Task directions: The copy you produce must repeat each record exactly and contain no pictures.
** Source material follows **
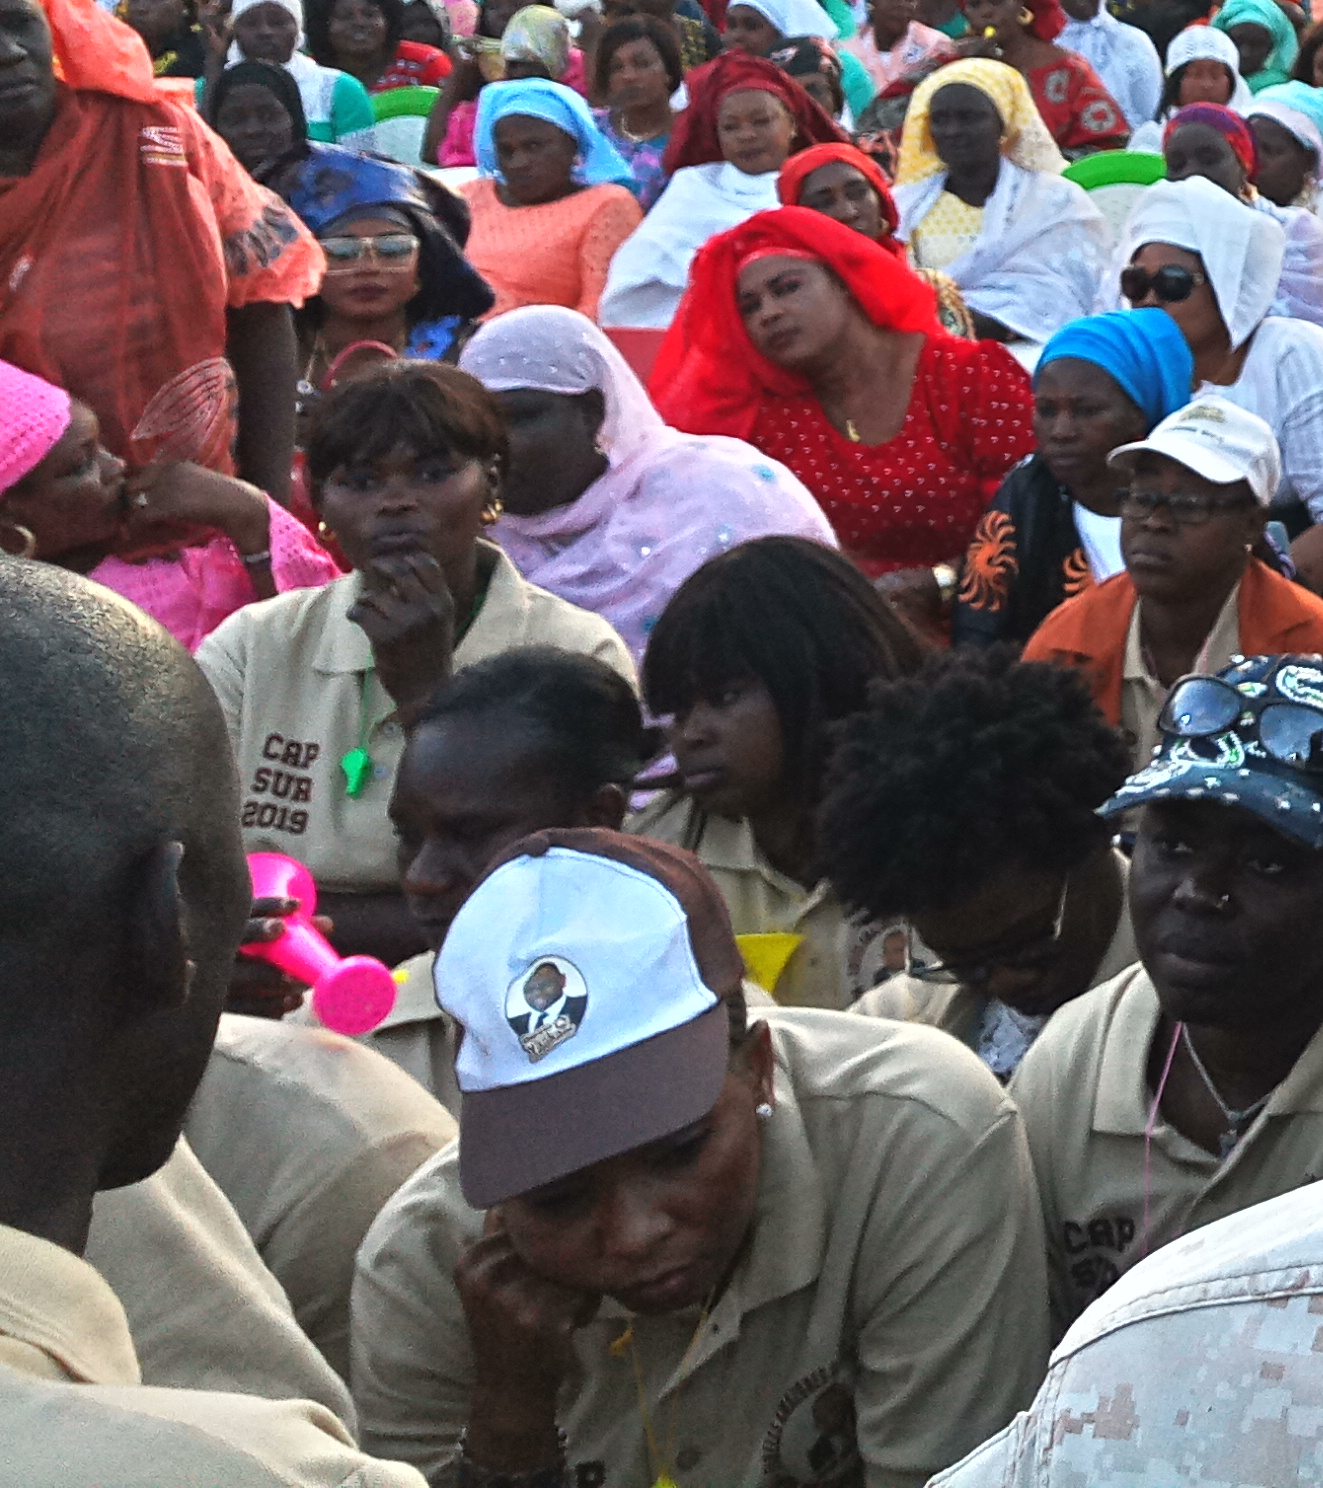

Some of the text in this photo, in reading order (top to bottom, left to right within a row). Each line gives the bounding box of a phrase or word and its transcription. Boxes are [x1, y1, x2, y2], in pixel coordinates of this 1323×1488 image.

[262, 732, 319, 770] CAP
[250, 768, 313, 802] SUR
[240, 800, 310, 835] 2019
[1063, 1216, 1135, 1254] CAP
** End of Source material **
Exercise response:
Some of the text in this photo, in reading order (top to bottom, left to right within a row). Each line gives the bounding box of a phrase or word and its transcription. Boxes are [x1, y1, x2, y2], in pixel coordinates of this 1323×1488 image.

[262, 732, 319, 770] CAP
[250, 768, 313, 802] SUR
[240, 800, 310, 835] 2019
[1063, 1216, 1135, 1254] CAP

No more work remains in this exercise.